L3Harris to upgrade AN/ALQ-214 electronic warfare (EW) avionics for Navy F/A-18 Super Hornet combat jets
PATUXENT RIVER NAS, Md. – Electronic warfare (EW) experts at L3Harris Technologies Inc. will modify and upgrade U.S. Navy sophisticated EW systems designed to protect Navy combat aircraft from incoming radar-guided missiles.
Officials of the Naval Air Systems Command at Patuxent River Naval Air Station, Md., on Friday announced a $51.9 million three-year order to L3Harris in Clifton, N.J., to provide modifications to the AN/ALQ-214 A(V)4/5 EW jammers for Navy F/A-18C/D and F/A-18E/F Hornet and Super Hornet carrier-based fighter-bombers.
The AN/ALQ-214(V)4/5 is an electronic jammer component of the integrated defensive electronic counter measures system (IDECM) avionics, which comes to the Navy from a joint venture of L3Harris and BAE Systems. It protects Navy fighter-bombers from radar-guided surface-to-air and air-to-air missiles by jamming the enemy missile guidance systems.
This order asks L3Harris to provide non-recurring engineering to develop, integrate, test and deliver software, firmware, and technical data, as well as to correct deficiencies discovered in the AN/ALQ-214(V)4/5 during testing in support of a Foreign Military Sales (FMS) customer, Navy officials say.
The ALQ-214 component of the IDECM EW system has been delivered to the Navy as well as to the Royal Australian Air Force for contemporary versions of the Boeing F/A-18 combat jets. The system blends sensitive receivers and active countermeasures to form an electronic shield around the aircraft, L3Harris officials say.

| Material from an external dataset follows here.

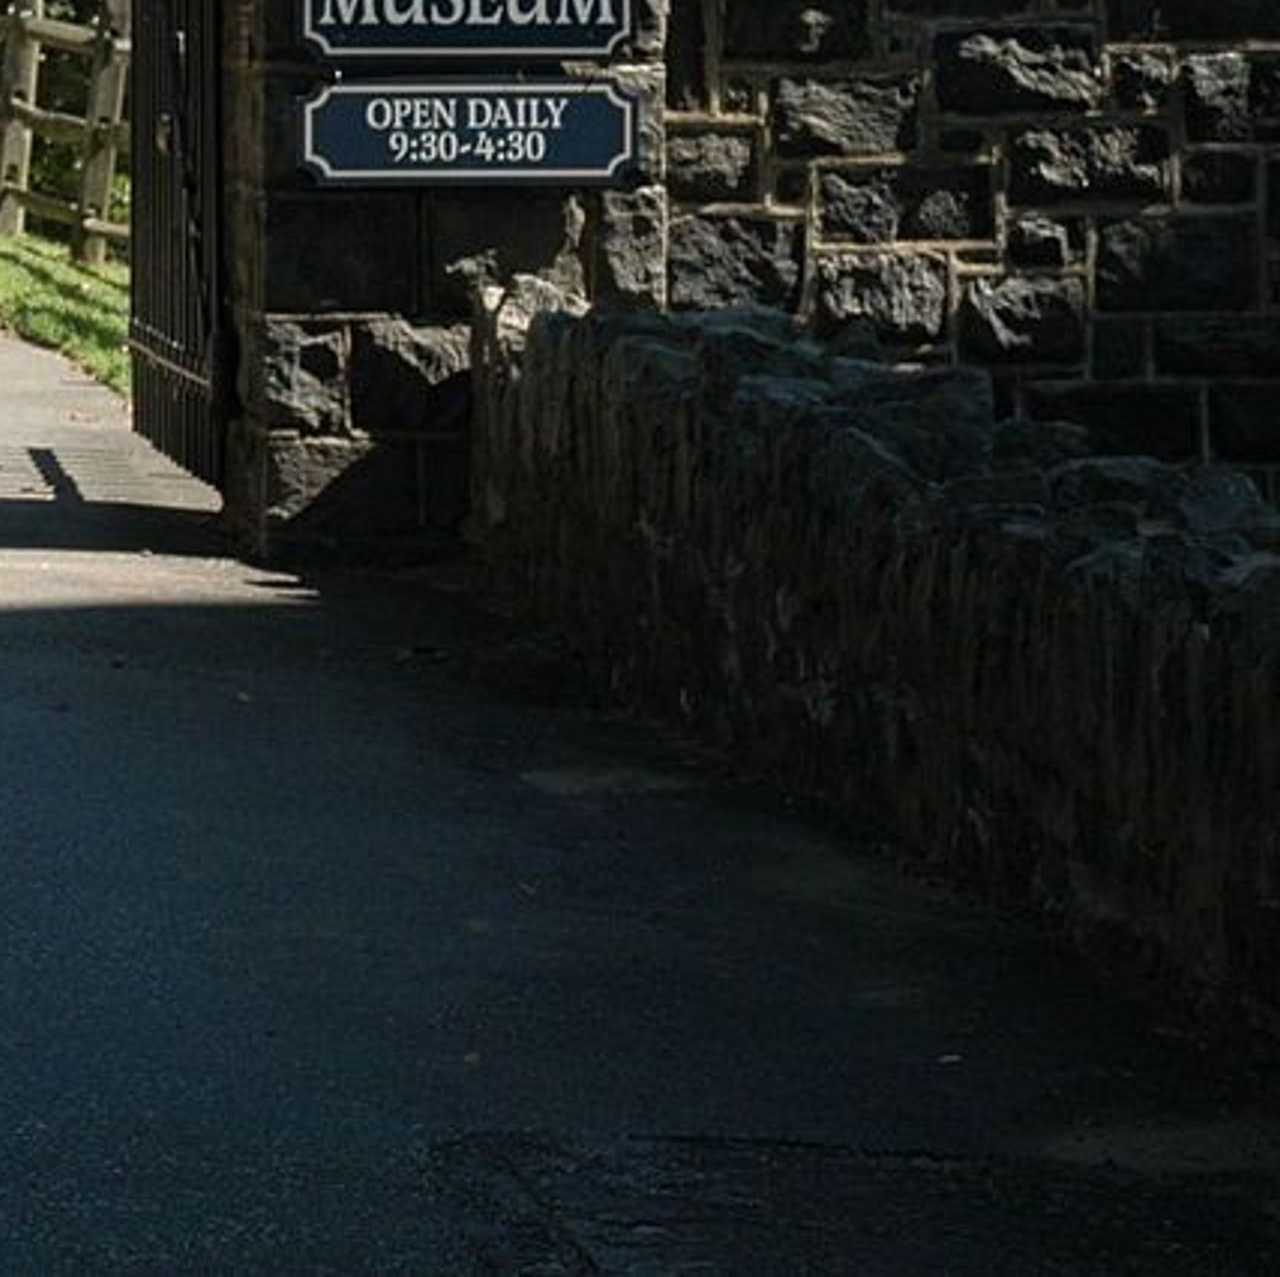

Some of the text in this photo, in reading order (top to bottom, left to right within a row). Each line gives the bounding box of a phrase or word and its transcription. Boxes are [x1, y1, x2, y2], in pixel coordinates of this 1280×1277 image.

[367, 99, 567, 129] OPEN DAILY
[389, 132, 545, 161] 9:30-4:30

The RF countermeasure system aboard the Navy's F/A-18 jet fighter-bombers engages incoming missiles autonomously with a series of measures designed to protect the aircraft from detection.
The AN/ALQ-214(V)4 is a smaller and lighter version of its predecessors, and has an open-architecture design that is ready for integration on several different kinds of aircraft.
The system is designed to counter radar-guided anti-aircraft missiles with electronic countermeasures (ECM) techniques that deny, disrupt, delay, and degrade the enemy missile launch and engagement sequence. The system identifies, ranks, and counters incoming missiles, and displays engagements to the flight crew for situational awareness.
On this contract L3Harris will do the work in Clifton, N.J., and should be finished by November 2022. For more information contact L3Harris Technologies online at www.l3harris.com, or Naval Air Systems Command at www.navair.navy.mil.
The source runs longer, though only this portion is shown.